I’ve not yet told my (albeit, long) Albanian rescue dog story, and the month of Valentine’s feels like the perfect time to share. This is not just a ‘girl finds perfect pup’ love story. The number of loving humans who made this story possible is remarkable – I hope you’ll find it as uplifting as I do!
I’m an US expat, fortunate to have a job that allowed me to work remotely long before COVID19. During my travels, I met and fell in love with a Sardinian. I would spend 90 days in Sardinia, then travel to non-Schengen countries before returning to Italy. In early 2020, I decided to try Albania. It was close to Italy, affordable, and warmer than many other non-Schengen options. It seemed like a great choice and without much thought, I booked an Airbnb in Durrës, cried my goodbyes in Italy, and left for my 90-day stay.
I must confess I regretted choosing Albania almost immediately. Only now can I see it changed my life, for the better. Without my experience in Albania, I’m not sure I would have adopted Honey nor would I have (re-)found the animal rights activist sleeping inside of me.
But back to February 2020! Alone in Durrës, I would venture out and return, distraught. The number of miserable stray dogs was overwhelming. I felt helpless, hopeless, and I started staying in to avoid seeing them. This, of course, only made me feel worse. I’d explain the situation to friends. They would concur it was terrible and offer the typical response of “it’s because they are a poor country”. I’d reply, “But I’ve been to ‘poor’ countries, and they don’t speed up their cars to hit a dog; they don’t poison or kick them, at least not in plain sight. It’s different here. And, furthermore and more importantly, being poor doesn’t mean you need to be cruel.” But talking didn’t solve any of the problems I was seeing daily.
One day, I’d (finally) had enough. One of my favorite strays seemed worse than usual. I returned to my apartment and googled veterinarians and animal rights groups. I’d seen little ear tags on some of the strays so knew there was someone doing something in Albania. When I found JETA: Tier und Mensch on Facebook, I received an immediate response from the President, Jenny Hasanaj-Müller. I felt Jenny’s support and love as I relayed the dilemma, and instantly felt relief in her camaraderie. Next time I saw the dog, I should take a video and send it to her immediately so she could ascertain if they could assist. I promised to pay all medical costs.
And, so I did. Jenny sent a volunteer and the local vet partner to help transport the (pregnant!) dog to the vet since I had no car. This was the first time I met the great Elca Godina, a local animal activist and volunteer with one of the kindest hearts in Durrës, and Eror Zylyftari, a veterinarian who works countless hours to help the animals in Durrës.

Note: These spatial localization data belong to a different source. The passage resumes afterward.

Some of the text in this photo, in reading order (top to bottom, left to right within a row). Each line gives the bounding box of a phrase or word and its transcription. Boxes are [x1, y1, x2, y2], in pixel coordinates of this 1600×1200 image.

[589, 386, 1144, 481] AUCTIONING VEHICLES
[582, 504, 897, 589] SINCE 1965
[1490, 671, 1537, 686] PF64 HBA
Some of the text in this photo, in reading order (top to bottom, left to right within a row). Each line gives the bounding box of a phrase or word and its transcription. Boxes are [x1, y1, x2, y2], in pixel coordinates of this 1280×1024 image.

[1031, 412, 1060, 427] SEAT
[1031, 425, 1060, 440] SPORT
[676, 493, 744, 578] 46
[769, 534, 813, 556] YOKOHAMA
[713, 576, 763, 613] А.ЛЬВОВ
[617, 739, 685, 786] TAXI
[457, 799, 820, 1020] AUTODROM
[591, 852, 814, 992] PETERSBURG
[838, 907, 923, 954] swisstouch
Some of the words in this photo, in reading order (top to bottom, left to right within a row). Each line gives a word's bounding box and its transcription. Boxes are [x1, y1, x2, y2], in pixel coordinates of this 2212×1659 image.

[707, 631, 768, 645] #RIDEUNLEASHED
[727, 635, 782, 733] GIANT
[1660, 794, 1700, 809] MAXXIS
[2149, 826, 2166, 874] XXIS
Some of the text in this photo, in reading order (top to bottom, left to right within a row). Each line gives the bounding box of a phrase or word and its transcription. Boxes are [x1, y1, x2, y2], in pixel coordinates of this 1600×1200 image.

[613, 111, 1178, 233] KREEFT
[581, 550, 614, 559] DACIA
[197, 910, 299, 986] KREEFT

Lady, as we started to call her, got the abortion and help she needed, and I pledged to go to the JTUM shelter in Durrës to volunteer. It was the least I could do.
When I went to the shelter, Sam Lopez, a fellow American expat and animal lover, showed me the facility and all the wonderful dogs. Sam went daily to feed the dogs at the shelter. Such commitment and generosity of spirit is surely special.
I went home that night after a long – but satisfying – day of scooping poop, picking up garbage, giving love and attention to 30+ dogs who needed it, and taking videos (the more people who see the situation via social media, the more likely we find homes, donors, and volunteers). I was exhausted but I knew I could do more. I’d wanted a dog for years but always had an excuse. “It’s not the right time.” “I travel too much.” “I work too much.” But I realized two things: (1) if you have love to give and are a committed, decent person, you’re far better than what these dogs have now (2) if we all did just a little bit more, the situation would be infinitely better. And I could do a little bit more.
I talked to my boyfriend, who had just lost his dog of 18 years, and asked what he thought about adopting. He immediately agreed (one of many moments that confirmed he was the right human for me!), but asked that it be a smaller one since his mom was scared of big dogs.
But…Lady was a big dog. How could I leave her? The unfortunate truth was I had no home. Though we had plans to live together, I was not legally able to stay in Italy. At the shelter, I met four smaller dogs. How can you possibly make that choice?